**What to produce**
Your task is to transcribe the records exactly, skipping every image.

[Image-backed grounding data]
• • • • • • •

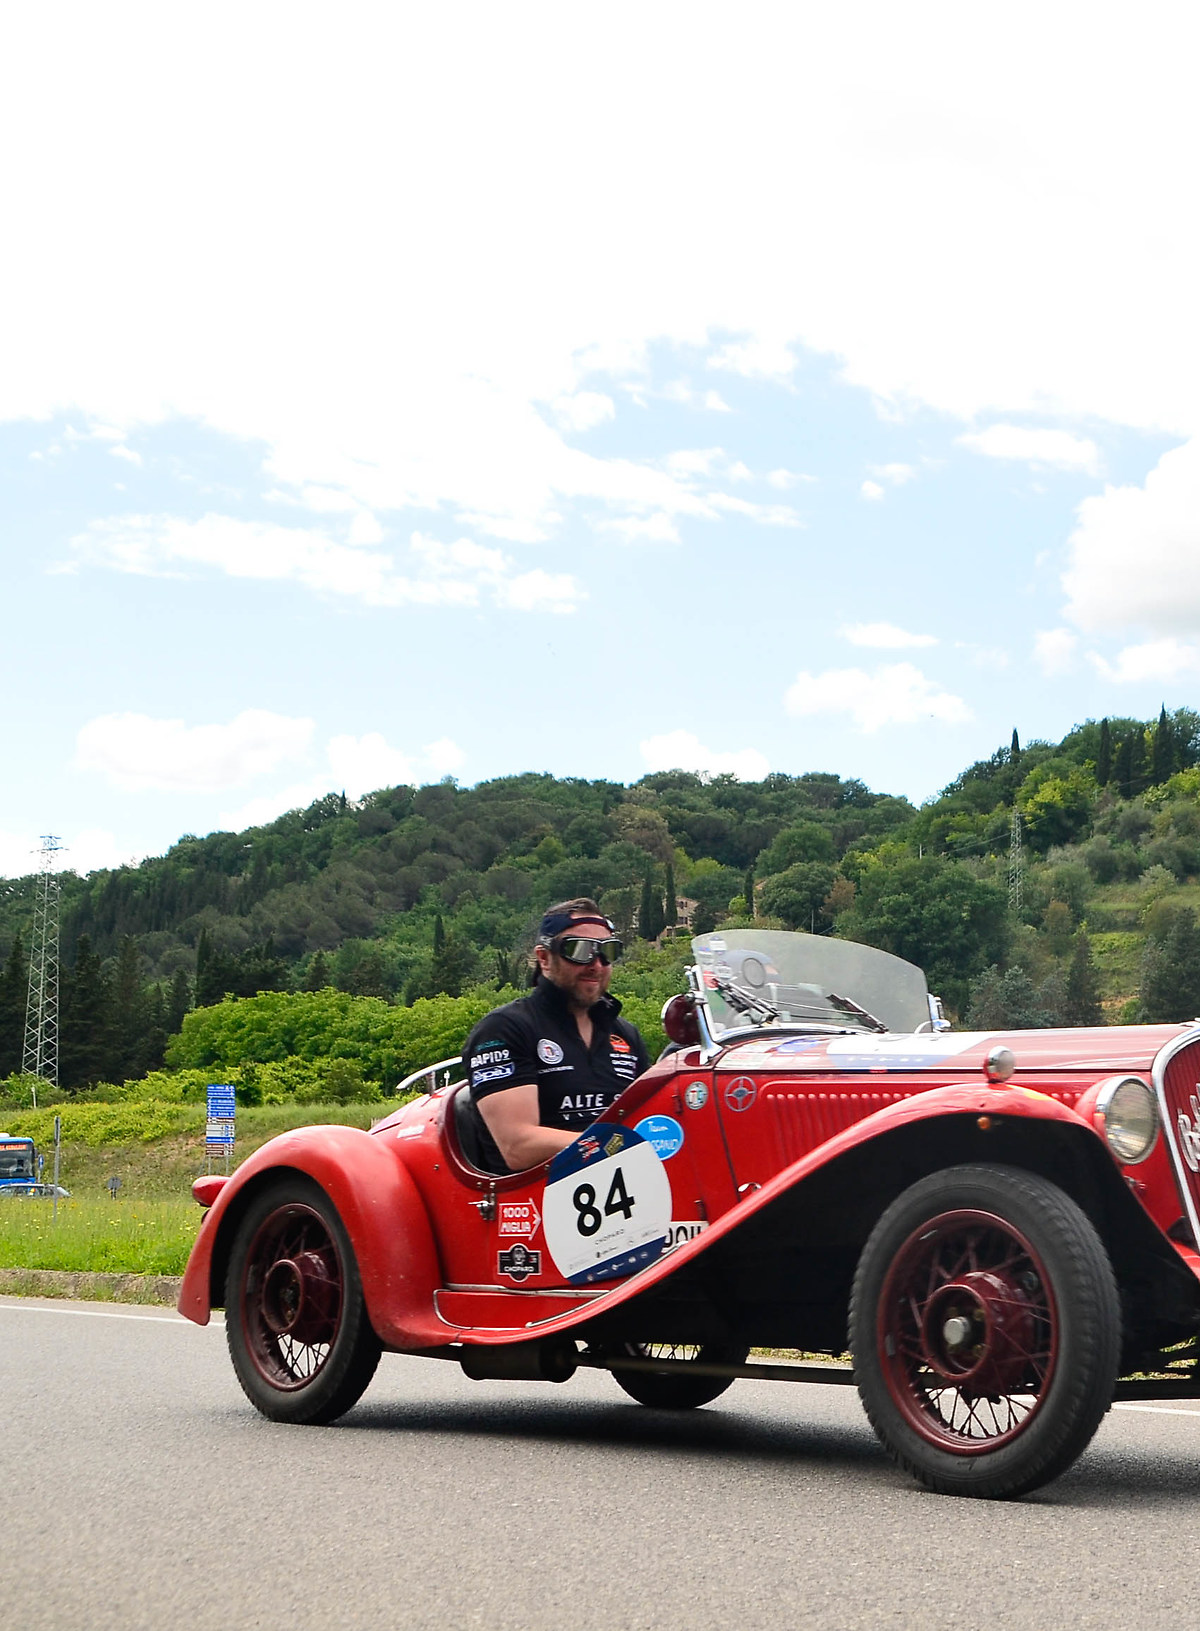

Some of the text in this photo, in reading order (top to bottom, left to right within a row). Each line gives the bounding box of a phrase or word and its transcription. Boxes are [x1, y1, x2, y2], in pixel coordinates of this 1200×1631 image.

[560, 1094, 604, 1109] ALTE
[573, 1167, 635, 1236] 84
[503, 1207, 529, 1218] 1000
[501, 1222, 531, 1232] MIGLIA
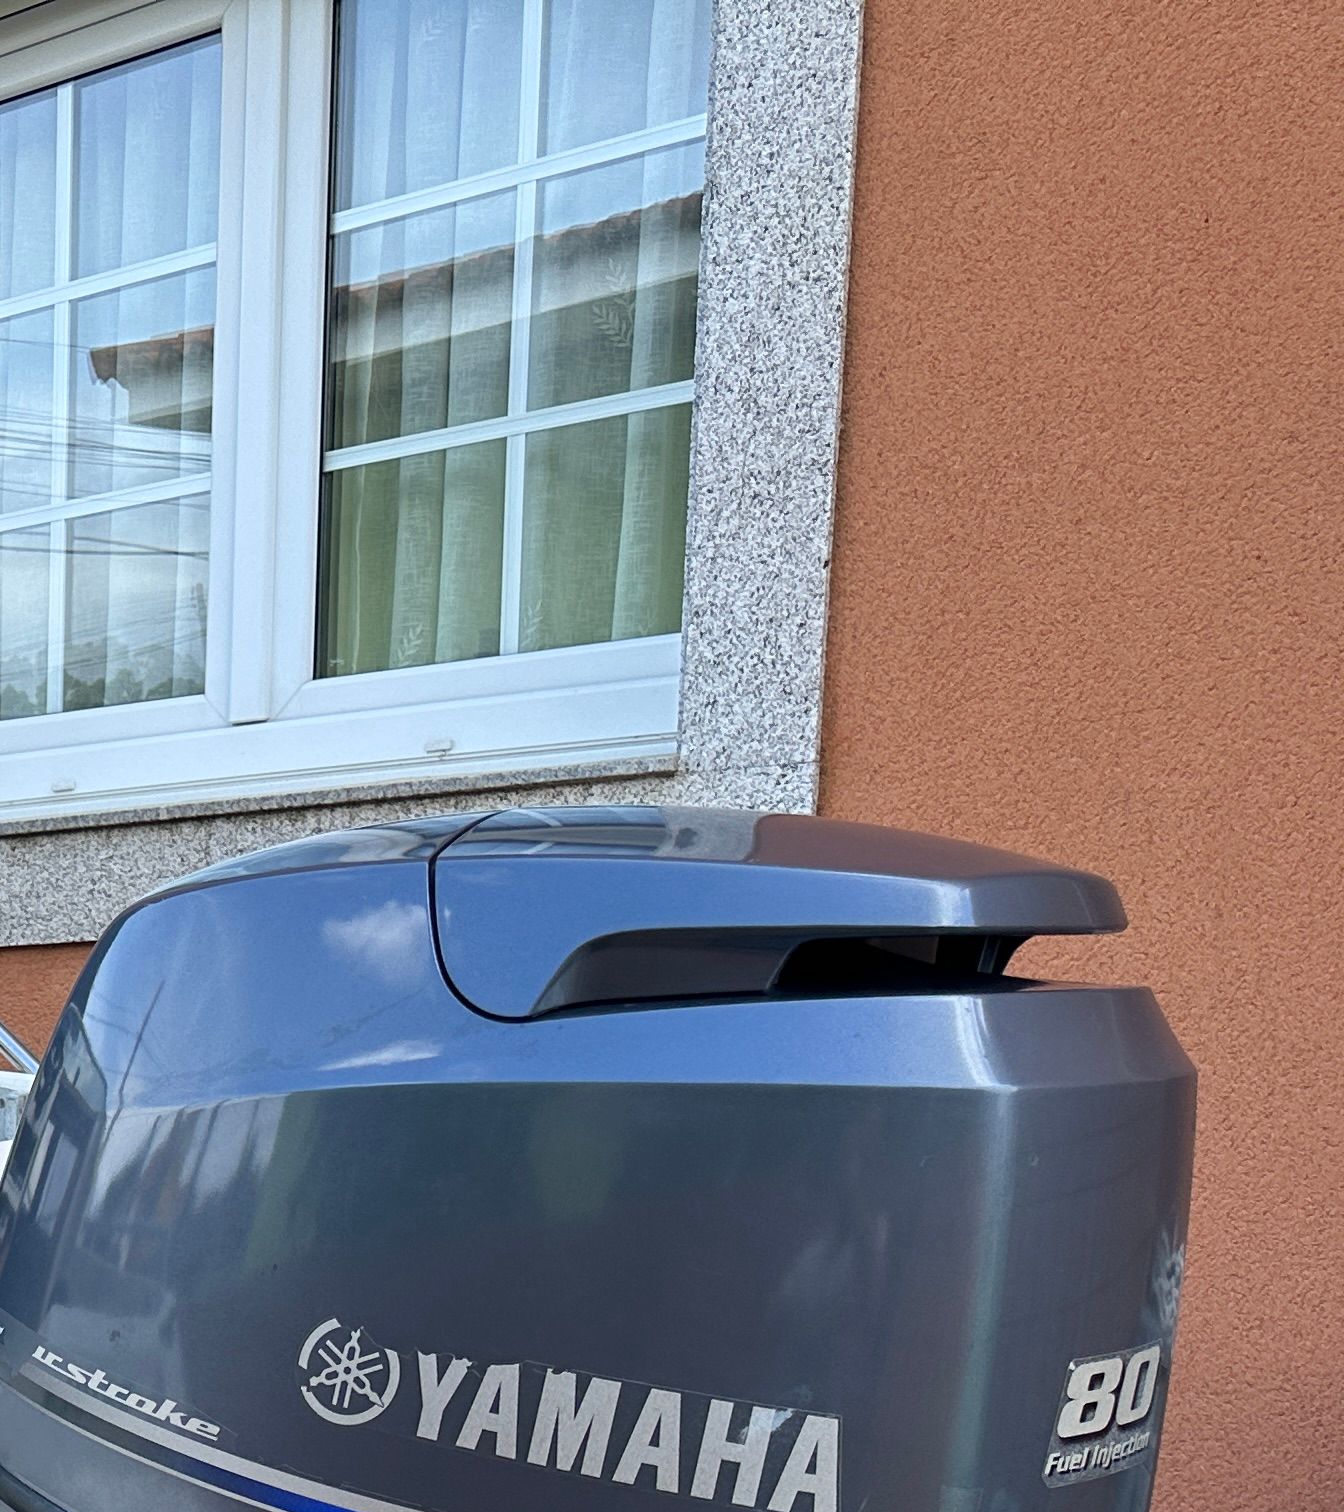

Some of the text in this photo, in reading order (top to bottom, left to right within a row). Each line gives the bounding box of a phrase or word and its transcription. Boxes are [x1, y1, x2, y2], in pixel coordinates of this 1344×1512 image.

• • • • • • •

**Answer to the problem**
Some of the text in this photo, in reading order (top to bottom, left to right within a row). Each line gives the bounding box of a phrase or word and its transcription. Boxes are [x1, y1, x2, y2], in pixel coordinates of this 1200×1631 image.

[560, 1094, 604, 1109] ALTE
[573, 1167, 635, 1236] 84
[503, 1207, 529, 1218] 1000
[501, 1222, 531, 1232] MIGLIA

Some of the text in this photo, in reading order (top to bottom, left to right within a row). Each line gives the bounding box of a phrase or word and its transcription. Boxes are [x1, y1, x2, y2], in pixel coordinates of this 1344×1512 image.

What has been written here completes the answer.